- [What this task involves]: What is needed is an exact copy of all the lines below.

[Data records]
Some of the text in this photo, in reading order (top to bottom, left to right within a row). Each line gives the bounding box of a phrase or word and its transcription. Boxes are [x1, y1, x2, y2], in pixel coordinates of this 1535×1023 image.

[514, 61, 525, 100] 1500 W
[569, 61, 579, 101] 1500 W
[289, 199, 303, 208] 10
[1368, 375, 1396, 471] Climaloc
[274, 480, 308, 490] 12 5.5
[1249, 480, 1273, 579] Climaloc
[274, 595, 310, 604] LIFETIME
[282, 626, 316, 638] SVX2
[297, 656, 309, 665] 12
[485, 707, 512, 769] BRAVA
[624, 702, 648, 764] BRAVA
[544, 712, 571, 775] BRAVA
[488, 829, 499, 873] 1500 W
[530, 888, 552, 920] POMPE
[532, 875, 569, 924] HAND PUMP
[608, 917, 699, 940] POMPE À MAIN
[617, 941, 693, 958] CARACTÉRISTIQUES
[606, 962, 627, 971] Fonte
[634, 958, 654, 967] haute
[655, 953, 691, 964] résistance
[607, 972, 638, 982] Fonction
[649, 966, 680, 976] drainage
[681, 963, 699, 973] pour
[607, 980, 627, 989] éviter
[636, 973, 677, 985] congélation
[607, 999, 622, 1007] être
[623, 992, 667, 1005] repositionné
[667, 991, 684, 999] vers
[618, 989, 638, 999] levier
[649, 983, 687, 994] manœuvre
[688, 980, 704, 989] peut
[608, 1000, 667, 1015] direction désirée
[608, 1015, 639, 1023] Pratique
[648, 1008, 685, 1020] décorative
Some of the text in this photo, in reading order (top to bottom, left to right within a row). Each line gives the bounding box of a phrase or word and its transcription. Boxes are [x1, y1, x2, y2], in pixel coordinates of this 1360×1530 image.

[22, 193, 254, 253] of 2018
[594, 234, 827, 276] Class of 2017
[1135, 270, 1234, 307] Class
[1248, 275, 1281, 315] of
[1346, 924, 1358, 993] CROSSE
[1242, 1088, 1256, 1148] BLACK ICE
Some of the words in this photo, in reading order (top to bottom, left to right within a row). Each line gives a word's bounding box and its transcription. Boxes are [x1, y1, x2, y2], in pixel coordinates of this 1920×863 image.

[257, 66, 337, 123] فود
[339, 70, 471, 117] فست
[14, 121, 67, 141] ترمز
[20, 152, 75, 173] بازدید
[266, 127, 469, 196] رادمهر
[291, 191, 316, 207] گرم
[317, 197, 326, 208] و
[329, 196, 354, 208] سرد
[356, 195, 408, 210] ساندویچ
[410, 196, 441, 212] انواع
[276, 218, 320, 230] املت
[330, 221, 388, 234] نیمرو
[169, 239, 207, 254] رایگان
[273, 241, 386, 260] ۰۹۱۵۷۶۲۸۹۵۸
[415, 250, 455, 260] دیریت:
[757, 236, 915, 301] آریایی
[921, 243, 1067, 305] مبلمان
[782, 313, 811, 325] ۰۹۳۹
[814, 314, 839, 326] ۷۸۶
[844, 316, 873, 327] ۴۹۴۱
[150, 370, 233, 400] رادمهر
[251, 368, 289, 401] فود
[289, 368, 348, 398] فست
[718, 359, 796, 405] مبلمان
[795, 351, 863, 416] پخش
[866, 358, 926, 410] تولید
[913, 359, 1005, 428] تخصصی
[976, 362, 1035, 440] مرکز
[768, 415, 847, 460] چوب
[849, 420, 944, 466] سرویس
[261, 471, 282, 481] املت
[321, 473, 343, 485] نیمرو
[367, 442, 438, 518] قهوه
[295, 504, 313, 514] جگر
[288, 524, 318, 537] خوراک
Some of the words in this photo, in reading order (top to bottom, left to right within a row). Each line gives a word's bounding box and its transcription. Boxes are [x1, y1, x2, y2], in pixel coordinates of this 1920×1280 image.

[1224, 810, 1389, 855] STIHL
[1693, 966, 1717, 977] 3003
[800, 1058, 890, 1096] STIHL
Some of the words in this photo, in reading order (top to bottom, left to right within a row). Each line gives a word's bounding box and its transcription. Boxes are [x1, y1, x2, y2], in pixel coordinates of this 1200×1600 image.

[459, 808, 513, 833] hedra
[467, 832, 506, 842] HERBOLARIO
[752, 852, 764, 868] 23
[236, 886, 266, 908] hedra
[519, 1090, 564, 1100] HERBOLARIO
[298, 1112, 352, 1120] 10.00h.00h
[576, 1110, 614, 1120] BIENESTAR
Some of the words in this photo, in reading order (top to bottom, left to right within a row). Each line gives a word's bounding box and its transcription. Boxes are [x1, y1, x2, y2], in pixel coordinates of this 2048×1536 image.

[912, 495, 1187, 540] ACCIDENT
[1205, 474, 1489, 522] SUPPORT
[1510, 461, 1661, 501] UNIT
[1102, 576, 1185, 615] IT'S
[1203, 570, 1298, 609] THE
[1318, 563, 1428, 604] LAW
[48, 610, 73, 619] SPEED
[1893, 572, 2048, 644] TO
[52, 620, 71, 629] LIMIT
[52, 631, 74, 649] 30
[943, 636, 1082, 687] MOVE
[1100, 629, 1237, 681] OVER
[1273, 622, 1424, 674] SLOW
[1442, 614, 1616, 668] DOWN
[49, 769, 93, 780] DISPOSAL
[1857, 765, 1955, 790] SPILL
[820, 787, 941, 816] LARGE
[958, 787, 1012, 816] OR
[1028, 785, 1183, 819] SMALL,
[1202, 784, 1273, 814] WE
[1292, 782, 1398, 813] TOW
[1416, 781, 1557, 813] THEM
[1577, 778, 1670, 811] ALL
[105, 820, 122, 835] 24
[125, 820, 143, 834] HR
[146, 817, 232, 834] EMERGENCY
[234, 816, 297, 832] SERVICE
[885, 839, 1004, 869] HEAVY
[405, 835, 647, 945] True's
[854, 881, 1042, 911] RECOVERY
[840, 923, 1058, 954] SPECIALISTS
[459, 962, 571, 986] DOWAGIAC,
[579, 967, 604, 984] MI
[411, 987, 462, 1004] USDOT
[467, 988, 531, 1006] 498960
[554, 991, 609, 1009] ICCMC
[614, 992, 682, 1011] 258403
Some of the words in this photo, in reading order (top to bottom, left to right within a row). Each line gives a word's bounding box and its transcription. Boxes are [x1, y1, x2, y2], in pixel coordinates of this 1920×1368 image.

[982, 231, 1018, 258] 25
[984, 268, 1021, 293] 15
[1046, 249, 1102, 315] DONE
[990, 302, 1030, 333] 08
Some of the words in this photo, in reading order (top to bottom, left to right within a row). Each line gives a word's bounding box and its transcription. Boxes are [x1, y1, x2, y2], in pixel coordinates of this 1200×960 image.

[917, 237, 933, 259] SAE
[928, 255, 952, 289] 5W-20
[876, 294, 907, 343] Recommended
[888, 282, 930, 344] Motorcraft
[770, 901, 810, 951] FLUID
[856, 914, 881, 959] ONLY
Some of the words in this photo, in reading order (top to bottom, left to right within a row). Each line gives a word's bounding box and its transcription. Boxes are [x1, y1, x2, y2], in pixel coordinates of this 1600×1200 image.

- [Exercise result]:
Some of the text in this photo, in reading order (top to bottom, left to right within a row). Each line gives the bounding box of a phrase or word and its transcription. Boxes are [x1, y1, x2, y2], in pixel coordinates of this 1535×1023 image.

[514, 61, 525, 100] 1500 W
[569, 61, 579, 101] 1500 W
[289, 199, 303, 208] 10
[1368, 375, 1396, 471] Climaloc
[274, 480, 308, 490] 12 5.5
[1249, 480, 1273, 579] Climaloc
[274, 595, 310, 604] LIFETIME
[282, 626, 316, 638] SVX2
[297, 656, 309, 665] 12
[485, 707, 512, 769] BRAVA
[624, 702, 648, 764] BRAVA
[544, 712, 571, 775] BRAVA
[488, 829, 499, 873] 1500 W
[530, 888, 552, 920] POMPE
[532, 875, 569, 924] HAND PUMP
[608, 917, 699, 940] POMPE À MAIN
[617, 941, 693, 958] CARACTÉRISTIQUES
[606, 962, 627, 971] Fonte
[634, 958, 654, 967] haute
[655, 953, 691, 964] résistance
[607, 972, 638, 982] Fonction
[649, 966, 680, 976] drainage
[681, 963, 699, 973] pour
[607, 980, 627, 989] éviter
[636, 973, 677, 985] congélation
[607, 999, 622, 1007] être
[623, 992, 667, 1005] repositionné
[667, 991, 684, 999] vers
[618, 989, 638, 999] levier
[649, 983, 687, 994] manœuvre
[688, 980, 704, 989] peut
[608, 1000, 667, 1015] direction désirée
[608, 1015, 639, 1023] Pratique
[648, 1008, 685, 1020] décorative
Some of the text in this photo, in reading order (top to bottom, left to right within a row). Each line gives the bounding box of a phrase or word and its transcription. Boxes are [x1, y1, x2, y2], in pixel coordinates of this 1360×1530 image.

[22, 193, 254, 253] of 2018
[594, 234, 827, 276] Class of 2017
[1135, 270, 1234, 307] Class
[1248, 275, 1281, 315] of
[1346, 924, 1358, 993] CROSSE
[1242, 1088, 1256, 1148] BLACK ICE
Some of the words in this photo, in reading order (top to bottom, left to right within a row). Each line gives a word's bounding box and its transcription. Boxes are [x1, y1, x2, y2], in pixel coordinates of this 1920×863 image.

[257, 66, 337, 123] فود
[339, 70, 471, 117] فست
[14, 121, 67, 141] ترمز
[20, 152, 75, 173] بازدید
[266, 127, 469, 196] رادمهر
[291, 191, 316, 207] گرم
[317, 197, 326, 208] و
[329, 196, 354, 208] سرد
[356, 195, 408, 210] ساندویچ
[410, 196, 441, 212] انواع
[276, 218, 320, 230] املت
[330, 221, 388, 234] نیمرو
[169, 239, 207, 254] رایگان
[273, 241, 386, 260] ۰۹۱۵۷۶۲۸۹۵۸
[415, 250, 455, 260] دیریت:
[757, 236, 915, 301] آریایی
[921, 243, 1067, 305] مبلمان
[782, 313, 811, 325] ۰۹۳۹
[814, 314, 839, 326] ۷۸۶
[844, 316, 873, 327] ۴۹۴۱
[150, 370, 233, 400] رادمهر
[251, 368, 289, 401] فود
[289, 368, 348, 398] فست
[718, 359, 796, 405] مبلمان
[795, 351, 863, 416] پخش
[866, 358, 926, 410] تولید
[913, 359, 1005, 428] تخصصی
[976, 362, 1035, 440] مرکز
[768, 415, 847, 460] چوب
[849, 420, 944, 466] سرویس
[261, 471, 282, 481] املت
[321, 473, 343, 485] نیمرو
[367, 442, 438, 518] قهوه
[295, 504, 313, 514] جگر
[288, 524, 318, 537] خوراک
Some of the words in this photo, in reading order (top to bottom, left to right within a row). Each line gives a word's bounding box and its transcription. Boxes are [x1, y1, x2, y2], in pixel coordinates of this 1920×1280 image.

[1224, 810, 1389, 855] STIHL
[1693, 966, 1717, 977] 3003
[800, 1058, 890, 1096] STIHL
Some of the words in this photo, in reading order (top to bottom, left to right within a row). Each line gives a word's bounding box and its transcription. Boxes are [x1, y1, x2, y2], in pixel coordinates of this 1200×1600 image.

[459, 808, 513, 833] hedra
[467, 832, 506, 842] HERBOLARIO
[752, 852, 764, 868] 23
[236, 886, 266, 908] hedra
[519, 1090, 564, 1100] HERBOLARIO
[298, 1112, 352, 1120] 10.00h.00h
[576, 1110, 614, 1120] BIENESTAR
Some of the words in this photo, in reading order (top to bottom, left to right within a row). Each line gives a word's bounding box and its transcription. Boxes are [x1, y1, x2, y2], in pixel coordinates of this 2048×1536 image.

[912, 495, 1187, 540] ACCIDENT
[1205, 474, 1489, 522] SUPPORT
[1510, 461, 1661, 501] UNIT
[1102, 576, 1185, 615] IT'S
[1203, 570, 1298, 609] THE
[1318, 563, 1428, 604] LAW
[48, 610, 73, 619] SPEED
[1893, 572, 2048, 644] TO
[52, 620, 71, 629] LIMIT
[52, 631, 74, 649] 30
[943, 636, 1082, 687] MOVE
[1100, 629, 1237, 681] OVER
[1273, 622, 1424, 674] SLOW
[1442, 614, 1616, 668] DOWN
[49, 769, 93, 780] DISPOSAL
[1857, 765, 1955, 790] SPILL
[820, 787, 941, 816] LARGE
[958, 787, 1012, 816] OR
[1028, 785, 1183, 819] SMALL,
[1202, 784, 1273, 814] WE
[1292, 782, 1398, 813] TOW
[1416, 781, 1557, 813] THEM
[1577, 778, 1670, 811] ALL
[105, 820, 122, 835] 24
[125, 820, 143, 834] HR
[146, 817, 232, 834] EMERGENCY
[234, 816, 297, 832] SERVICE
[885, 839, 1004, 869] HEAVY
[405, 835, 647, 945] True's
[854, 881, 1042, 911] RECOVERY
[840, 923, 1058, 954] SPECIALISTS
[459, 962, 571, 986] DOWAGIAC,
[579, 967, 604, 984] MI
[411, 987, 462, 1004] USDOT
[467, 988, 531, 1006] 498960
[554, 991, 609, 1009] ICCMC
[614, 992, 682, 1011] 258403
Some of the words in this photo, in reading order (top to bottom, left to right within a row). Each line gives a word's bounding box and its transcription. Boxes are [x1, y1, x2, y2], in pixel coordinates of this 1920×1368 image.

[982, 231, 1018, 258] 25
[984, 268, 1021, 293] 15
[1046, 249, 1102, 315] DONE
[990, 302, 1030, 333] 08
Some of the words in this photo, in reading order (top to bottom, left to right within a row). Each line gives a word's bounding box and its transcription. Boxes are [x1, y1, x2, y2], in pixel coordinates of this 1200×960 image.

[917, 237, 933, 259] SAE
[928, 255, 952, 289] 5W-20
[876, 294, 907, 343] Recommended
[888, 282, 930, 344] Motorcraft
[770, 901, 810, 951] FLUID
[856, 914, 881, 959] ONLY
Some of the words in this photo, in reading order (top to bottom, left to right within a row). Each line gives a word's bounding box and its transcription. Boxes are [x1, y1, x2, y2], in pixel coordinates of this 1600×1200 image.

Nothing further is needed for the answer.